YOUR INSTRUCTIONS: From the line containing "this 2352×1568 image." to the end of the records, print every line exactly, both ends included, and leave out the pictures.
[[ PROVIDED RECORDS open ]]
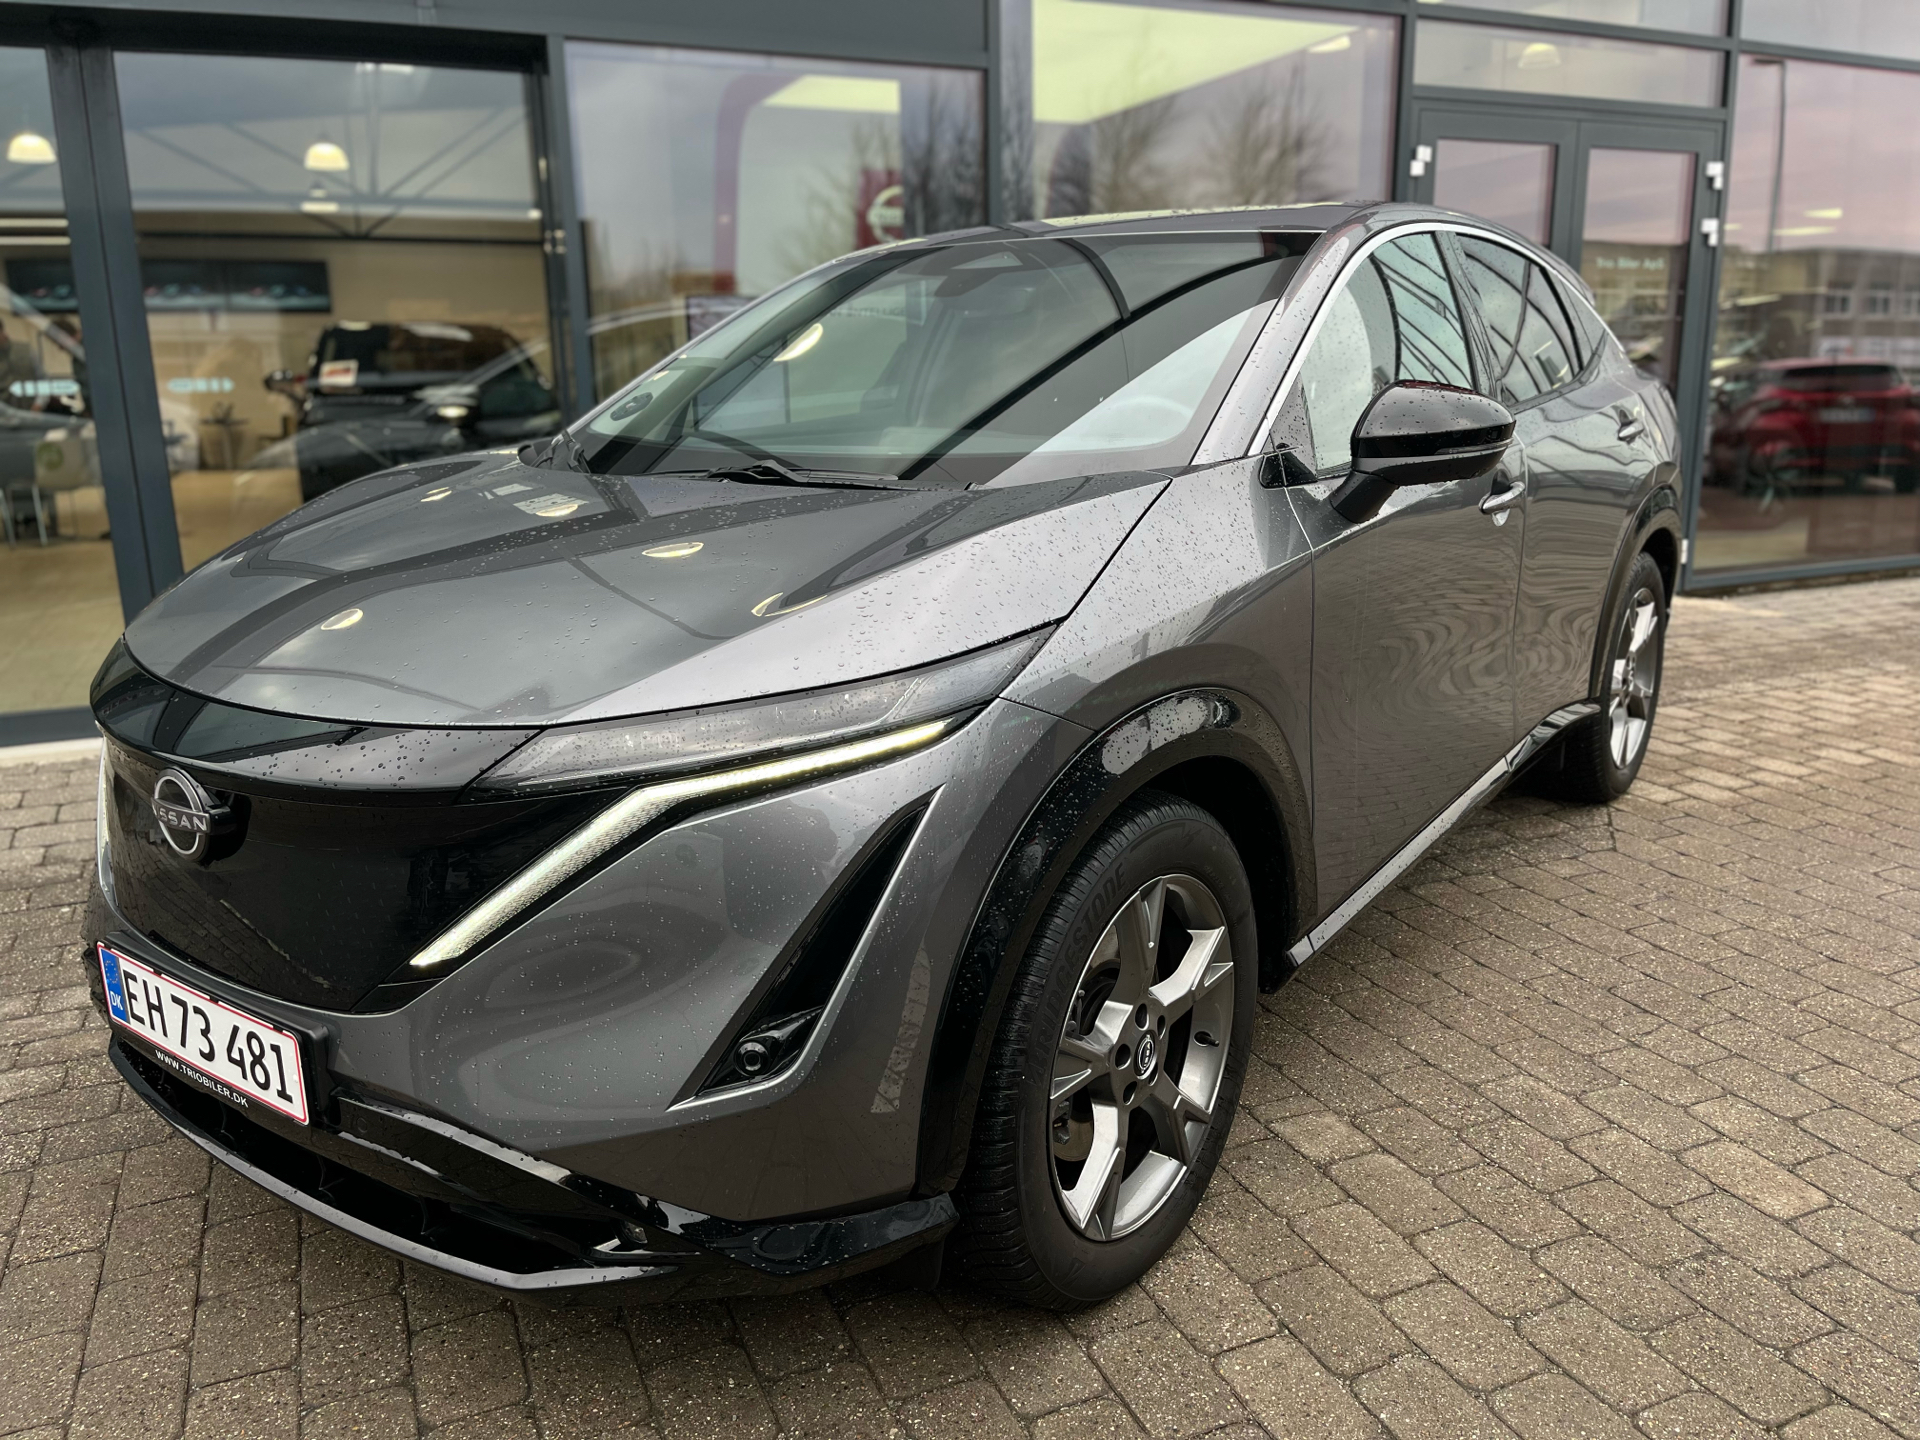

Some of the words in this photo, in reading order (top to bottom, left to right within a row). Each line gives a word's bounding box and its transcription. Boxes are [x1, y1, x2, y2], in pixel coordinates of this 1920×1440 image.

[109, 989, 124, 1011] DK
[1024, 862, 1126, 1086] BRIDGESTONE
[121, 969, 168, 1038] EH
[170, 993, 216, 1063] 73
[226, 1023, 294, 1105] 481
[155, 1050, 249, 1108] WWW.TRIOBILER.DK
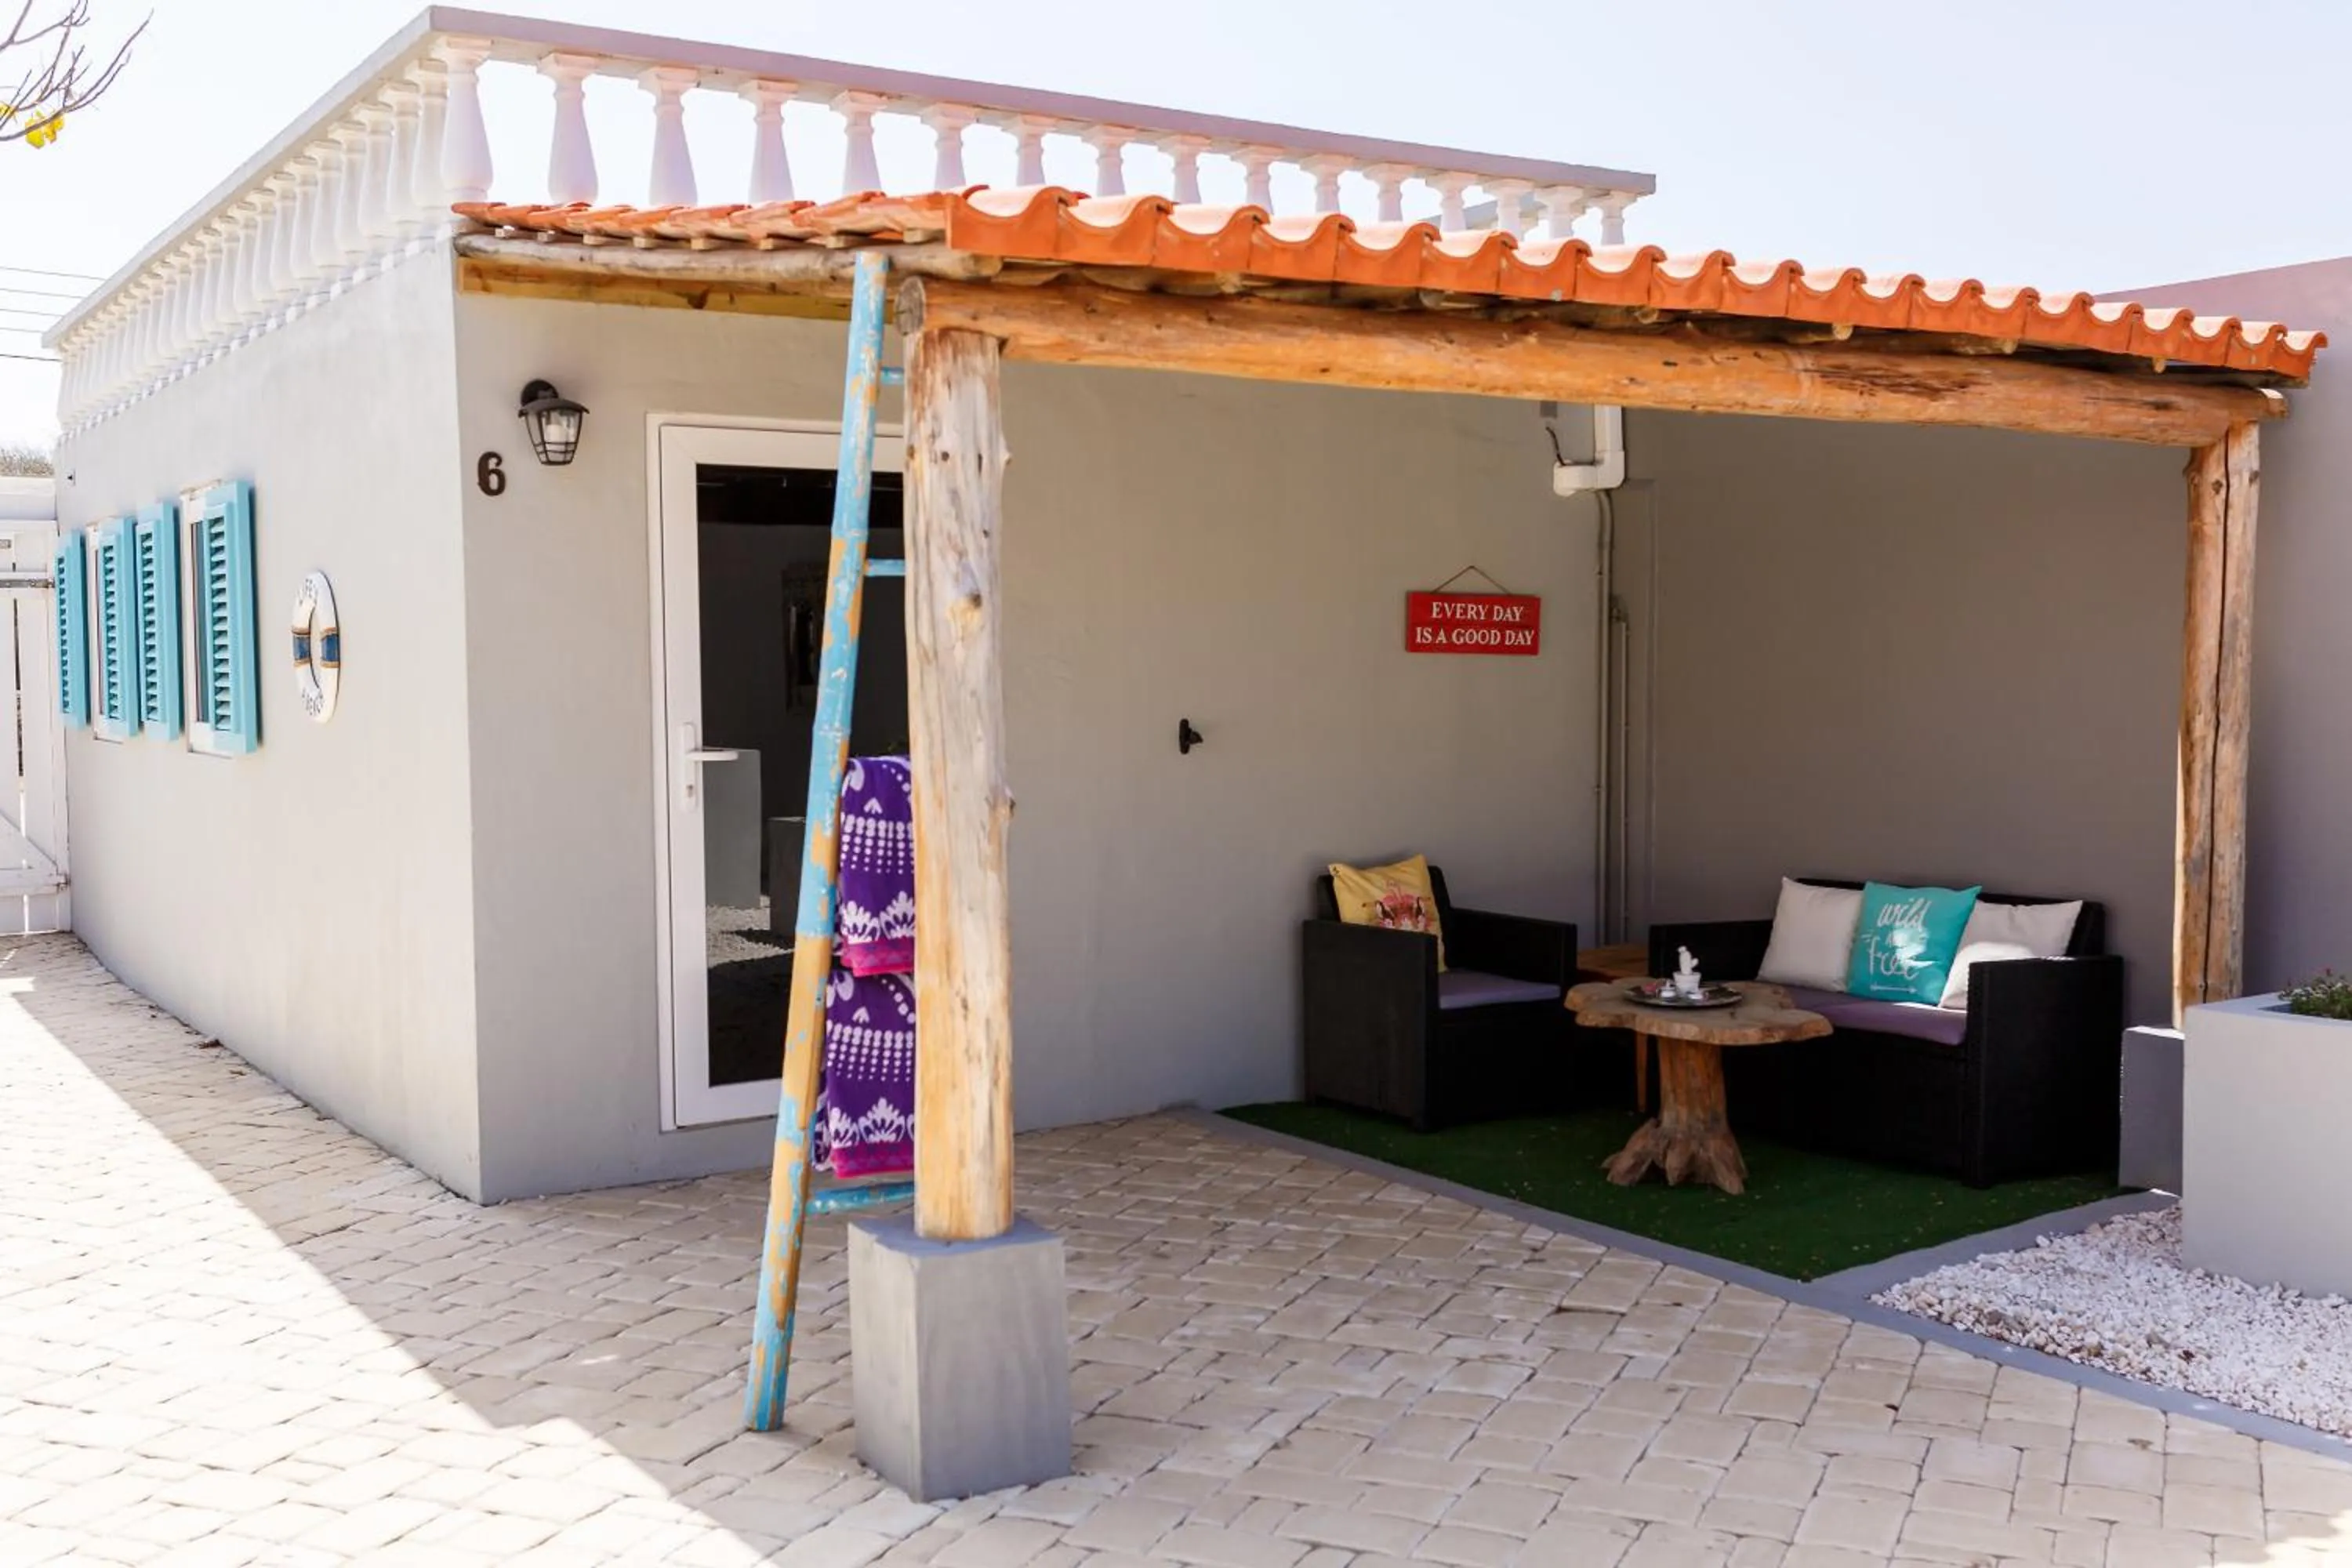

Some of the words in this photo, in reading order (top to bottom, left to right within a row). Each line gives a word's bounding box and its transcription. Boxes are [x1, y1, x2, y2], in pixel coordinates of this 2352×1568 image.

[477, 451, 506, 496] 6
[1430, 601, 1490, 620] EVERY
[1493, 605, 1524, 622] DAY
[1415, 626, 1432, 644] IS
[1436, 627, 1448, 644] A
[1451, 628, 1501, 645] GOOD
[1504, 630, 1534, 646] DAY
[1876, 898, 1933, 932] wild
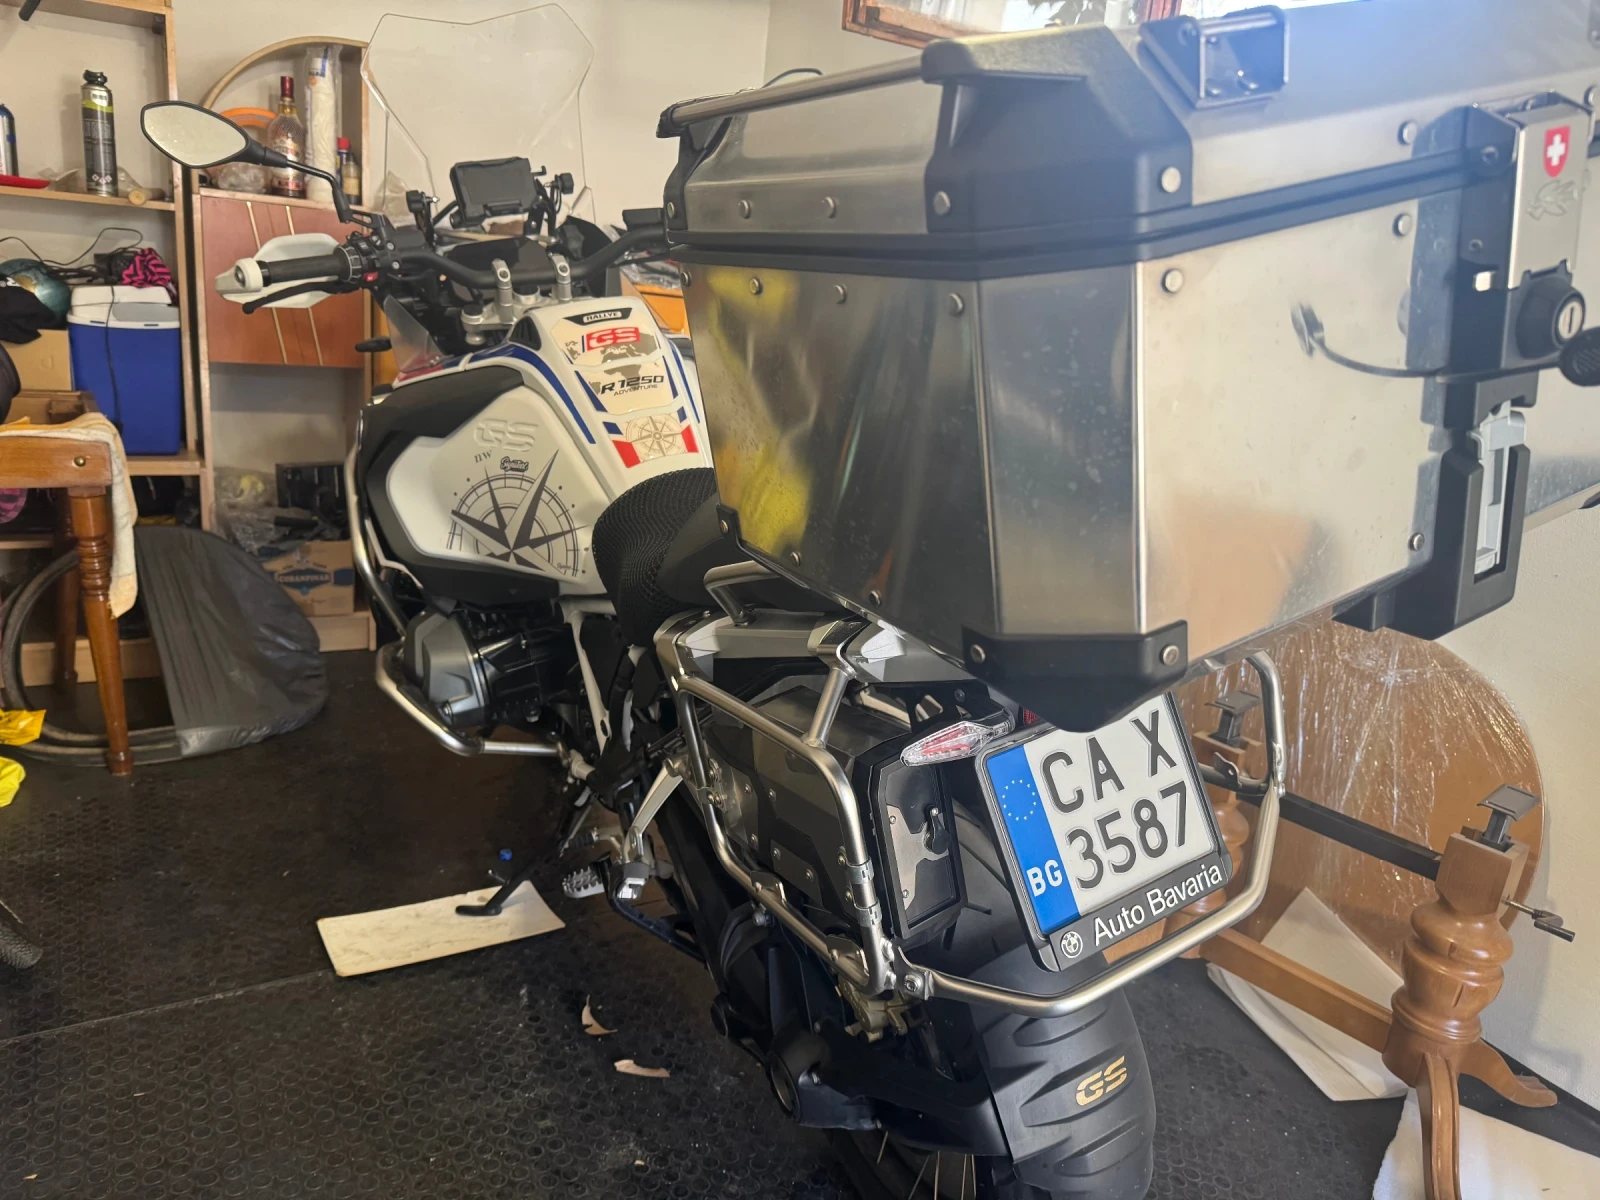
[[ PROVIDED RECORDS closed ]]
ANSWER:
Some of the words in this photo, in reading order (top to bottom, left to right within a row). Each line gives a word's bounding box and its transcription. Boxes are [x1, y1, x2, y2], in pixel coordinates of this 2352×1568 image.

[477, 451, 506, 496] 6
[1430, 601, 1490, 620] EVERY
[1493, 605, 1524, 622] DAY
[1415, 626, 1432, 644] IS
[1436, 627, 1448, 644] A
[1451, 628, 1501, 645] GOOD
[1504, 630, 1534, 646] DAY
[1876, 898, 1933, 932] wild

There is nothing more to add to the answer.